Trente ans plus tard, on rencontre Ravi Coltrane dans l'ashram de sa mère, le Vedanta Center. On l'avait vu quelques jours auparavant en concert à Chicago, improvisant à partir de permutations mathématiques de notes. Là, on le retrouve, habillé de blanc, au milieu des montagnes de Santa Monica, dans un canyon sacré où vivaient les Indiens Chumash. Ravi gravit les marches de l'ashram, un bâtiment perdu au milieu des forêts et des ruisseaux. Les femmes sont assises sur la droite, les hommes sur la gauche, tous en position du lotus. Seule Turiya Sangitananda se distingue, installée au fond de la salle, derrière son orgue. Elle attaque un mantra (chant de prière) sur une gamme pentatonique indienne, que l'auditoire transforme rapidement en un gospel libératoire. Ravi, assis à côté d'Oranyan - qui joue du sax, en duo avec Alice, dans un morceau de Translinear Light - scande chaque mot en sanskrit. En sortant, il remarque notre air étonné: «J'ai grandi au milieu des images de divinités indiennes - Ganesh, Shiva - et des portraits de Satya Sai Baba, l'actuel gourou de ma mère. J'ai appris les mantras et les hymnes, sans que personne m'y oblige. Mais ce n'est pas ma vie. Je respecte la différence et j'aime leurs chants.»

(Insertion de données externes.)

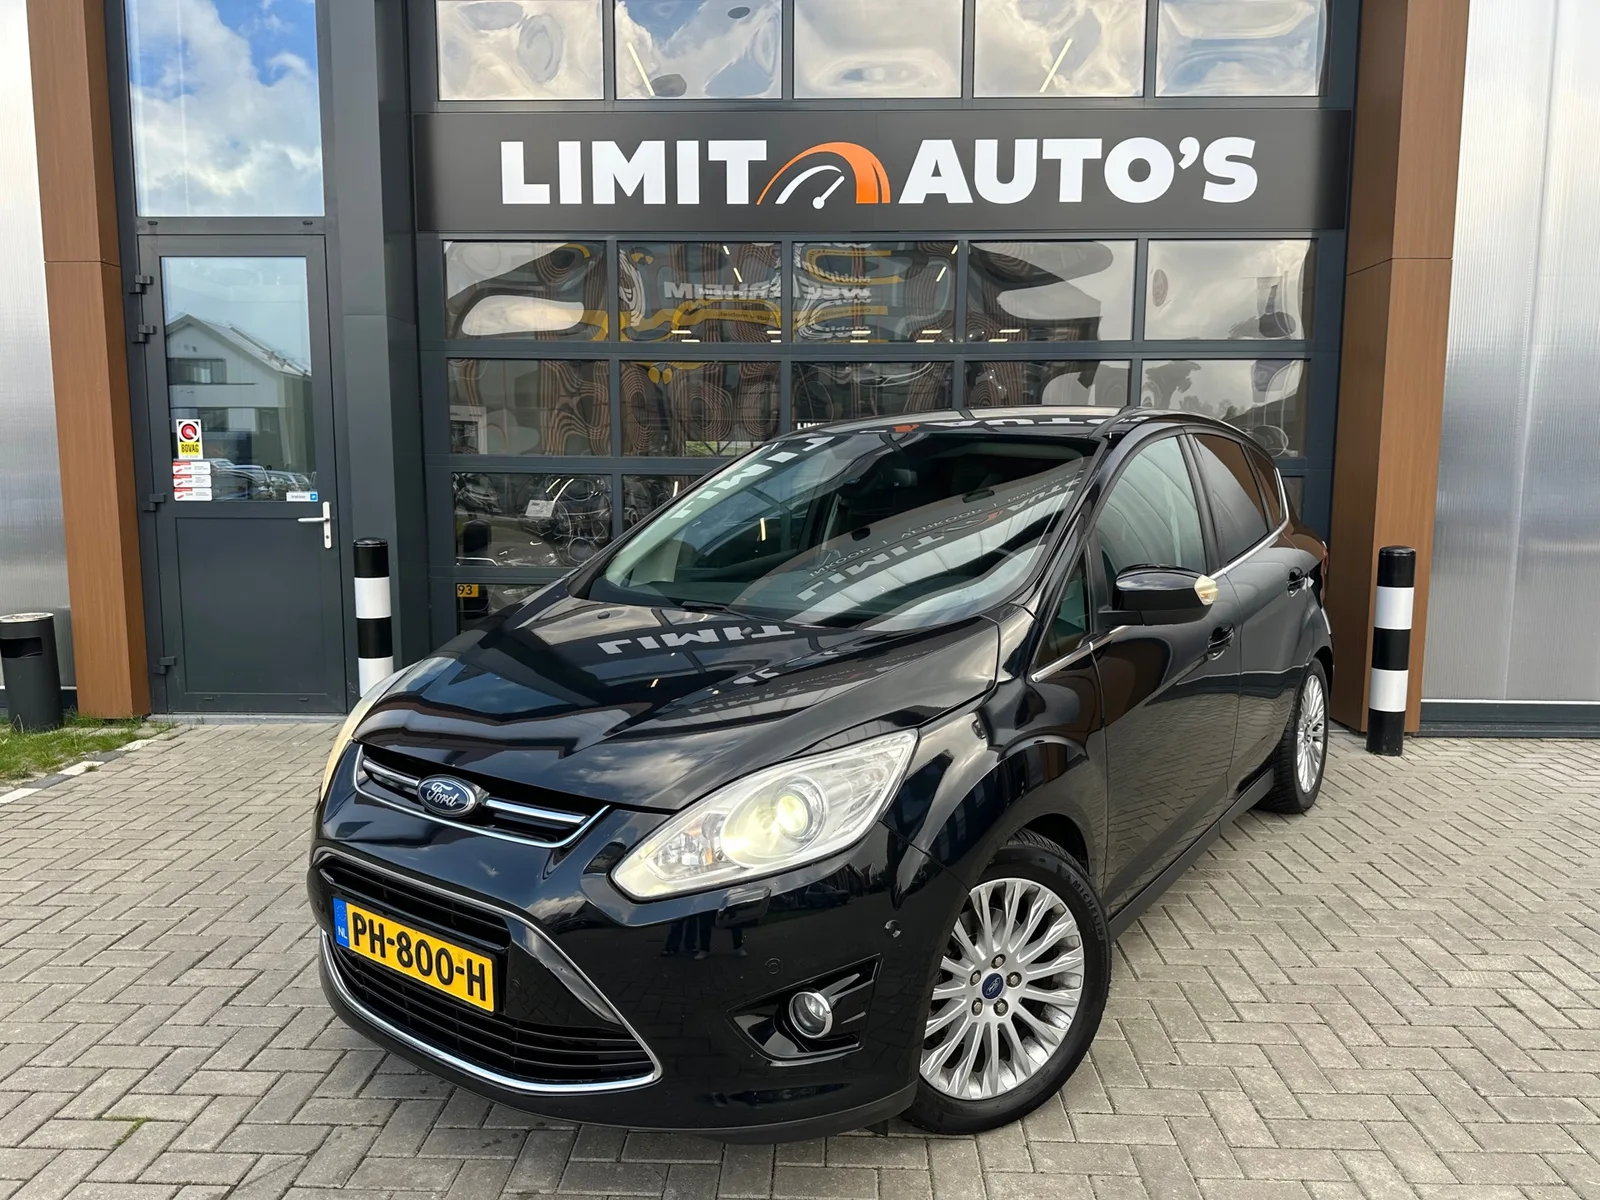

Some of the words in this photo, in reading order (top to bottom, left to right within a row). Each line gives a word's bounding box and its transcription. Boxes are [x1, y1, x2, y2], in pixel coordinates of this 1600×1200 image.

[500, 140, 768, 205] LIMIT
[897, 136, 1259, 205] AUTO'S
[180, 444, 200, 453] BOVAG
[457, 584, 473, 596] 93
[426, 782, 460, 808] Ford
[1071, 880, 1105, 937] MICHELIN
[337, 925, 348, 940] NL
[352, 911, 487, 1002] PH-800-H

Translinear Light commence par un chant traditionnel (Sita Ram) et se conclut sur un choeur de voix enregistrées dans l'ashram (Satya Sai Isha). Pour Alice, ces morceaux étaient essentiels: «Ce disque montre que mon passé et mon présent sont reliés. Je n'ai jamais oublié les orgues d'église, le be-bop et le reste. Mais je voulais évoluer, utiliser le son comme un vecteur pour aller plus loin. La musique est un excellent instrument de méditation. Notre esprit est perpétuellement occupé, traversé de vagues de pensées, sollicité par les bruits, les mots, les angoisses, les désirs. Lorsque nous nous concentrons, que nous focalisons notre attention sur un morceau, comme sur un mandala, notre esprit se calme, devient silencieux, laissant la place au vide. Le vide fait peur, je sais. Il peut générer la panique. Mais il faut en passer par là pour commencer à voir, pour tracer cette ligne droite qui mène à l'essentiel, à la lumière: à la connaissance de nous-mêmes et de ce qui nous entoure.»